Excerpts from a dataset
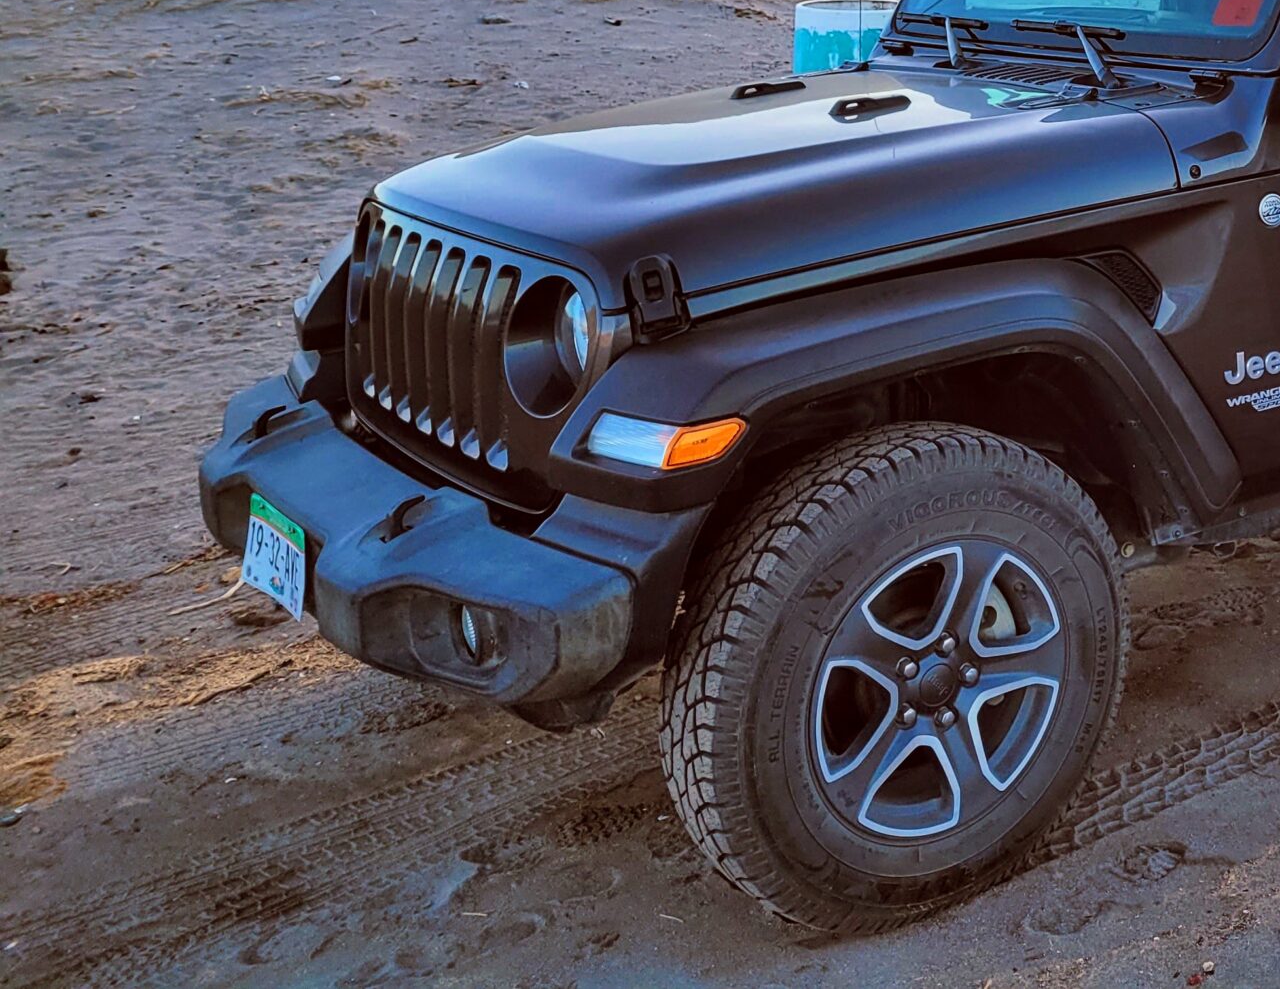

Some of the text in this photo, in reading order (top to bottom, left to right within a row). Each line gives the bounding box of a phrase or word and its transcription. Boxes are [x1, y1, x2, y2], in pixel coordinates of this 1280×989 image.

[887, 489, 1010, 532] VIGOROUS
[250, 521, 300, 591] 19-32-AVE
[767, 644, 800, 763] ALL TERRAIN
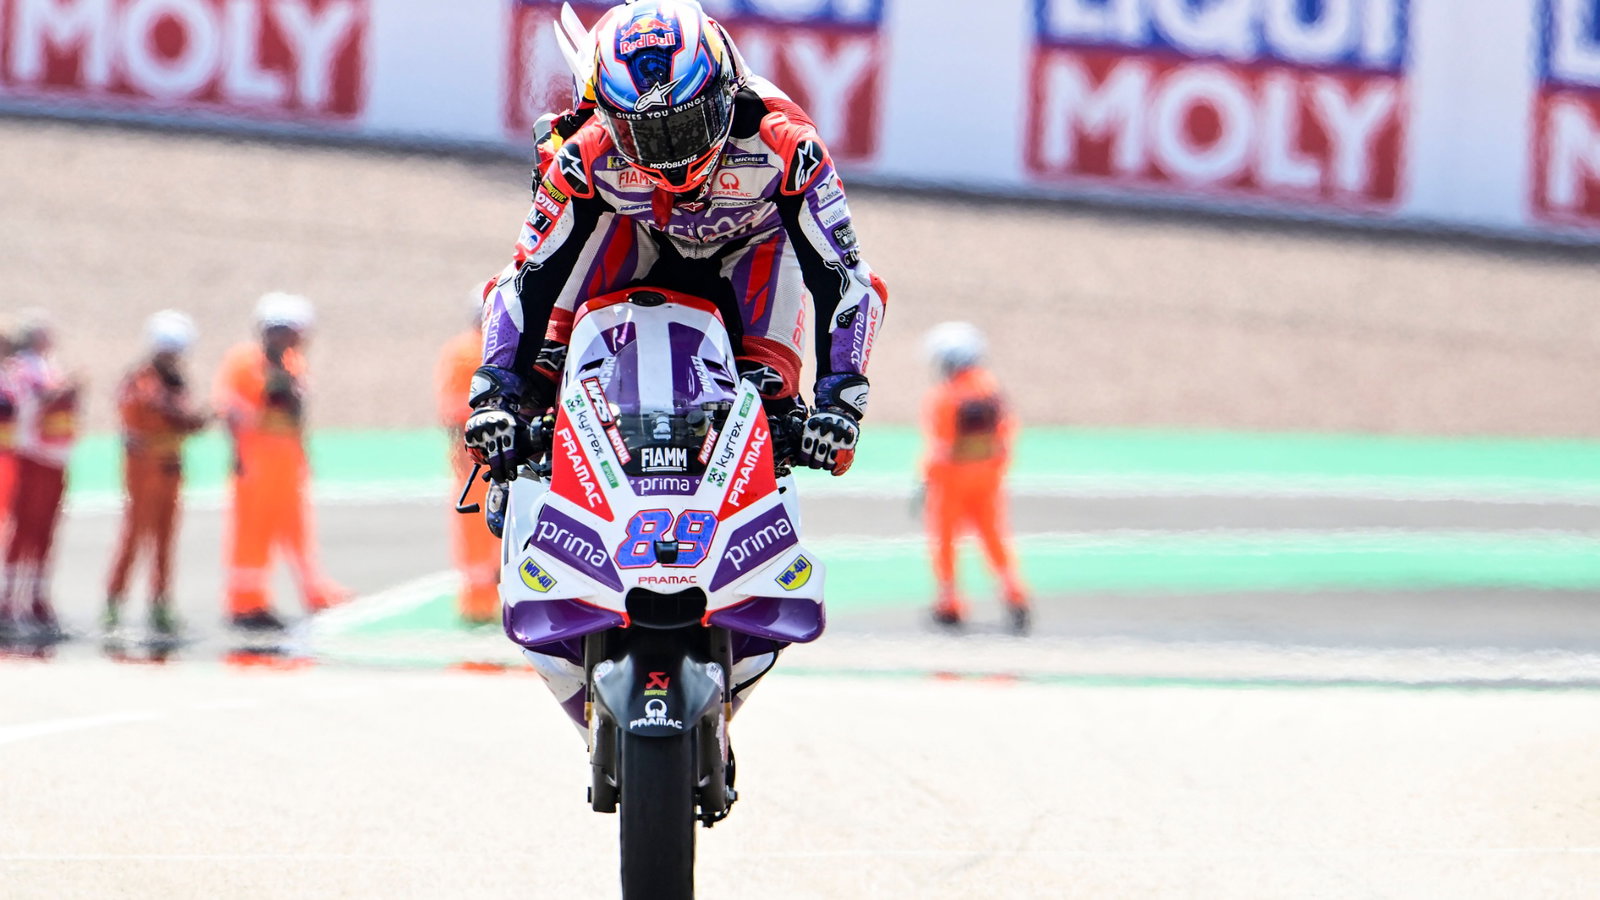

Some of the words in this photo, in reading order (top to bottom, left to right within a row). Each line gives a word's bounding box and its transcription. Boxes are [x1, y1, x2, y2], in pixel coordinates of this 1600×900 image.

[8, 0, 358, 108] MOLY
[621, 37, 646, 54] Red
[647, 33, 676, 47] Bull
[616, 112, 642, 120] GIVES
[647, 111, 669, 119] YOU
[674, 95, 706, 113] WINGS
[1043, 54, 1398, 192] MOLY
[619, 171, 654, 185] FIAM
[535, 192, 560, 217] OTUL
[487, 308, 502, 359] prima
[851, 311, 865, 365] prima
[862, 306, 878, 375] RAMAC
[600, 356, 617, 393] DUCA
[691, 355, 714, 394] DUCATI
[576, 410, 604, 457] kyrrex
[608, 427, 630, 464] MOTUL
[716, 421, 744, 468] kyrrex
[557, 427, 602, 508] PRAMAC
[641, 447, 688, 467] FIAMM
[728, 427, 768, 507] PRAMAC
[638, 477, 690, 495] prima
[537, 521, 607, 567] prima
[614, 508, 719, 570] 89
[725, 518, 791, 571] prima
[524, 560, 553, 588] WD-40
[638, 575, 697, 585] PRAMAC
[779, 558, 808, 586] WD-40
[630, 717, 682, 729] PRAMAC

= What you should do =
All of the data must be set down exactly, with no pictures included.

= Final answer =
Some of the text in this photo, in reading order (top to bottom, left to right within a row). Each line gives the bounding box of a phrase or word and its transcription. Boxes are [x1, y1, x2, y2], in pixel coordinates of this 1280×989 image.

[887, 489, 1010, 532] VIGOROUS
[250, 521, 300, 591] 19-32-AVE
[767, 644, 800, 763] ALL TERRAIN

Some of the words in this photo, in reading order (top to bottom, left to right within a row). Each line gives a word's bounding box and its transcription. Boxes are [x1, y1, x2, y2], in pixel coordinates of this 1600×900 image.

[8, 0, 358, 108] MOLY
[621, 37, 646, 54] Red
[647, 33, 676, 47] Bull
[616, 112, 642, 120] GIVES
[647, 111, 669, 119] YOU
[674, 95, 706, 113] WINGS
[1043, 54, 1398, 192] MOLY
[619, 171, 654, 185] FIAM
[535, 192, 560, 217] OTUL
[487, 308, 502, 359] prima
[851, 311, 865, 365] prima
[862, 306, 878, 375] RAMAC
[600, 356, 617, 393] DUCA
[691, 355, 714, 394] DUCATI
[576, 410, 604, 457] kyrrex
[608, 427, 630, 464] MOTUL
[716, 421, 744, 468] kyrrex
[557, 427, 602, 508] PRAMAC
[641, 447, 688, 467] FIAMM
[728, 427, 768, 507] PRAMAC
[638, 477, 690, 495] prima
[537, 521, 607, 567] prima
[614, 508, 719, 570] 89
[725, 518, 791, 571] prima
[524, 560, 553, 588] WD-40
[638, 575, 697, 585] PRAMAC
[779, 558, 808, 586] WD-40
[630, 717, 682, 729] PRAMAC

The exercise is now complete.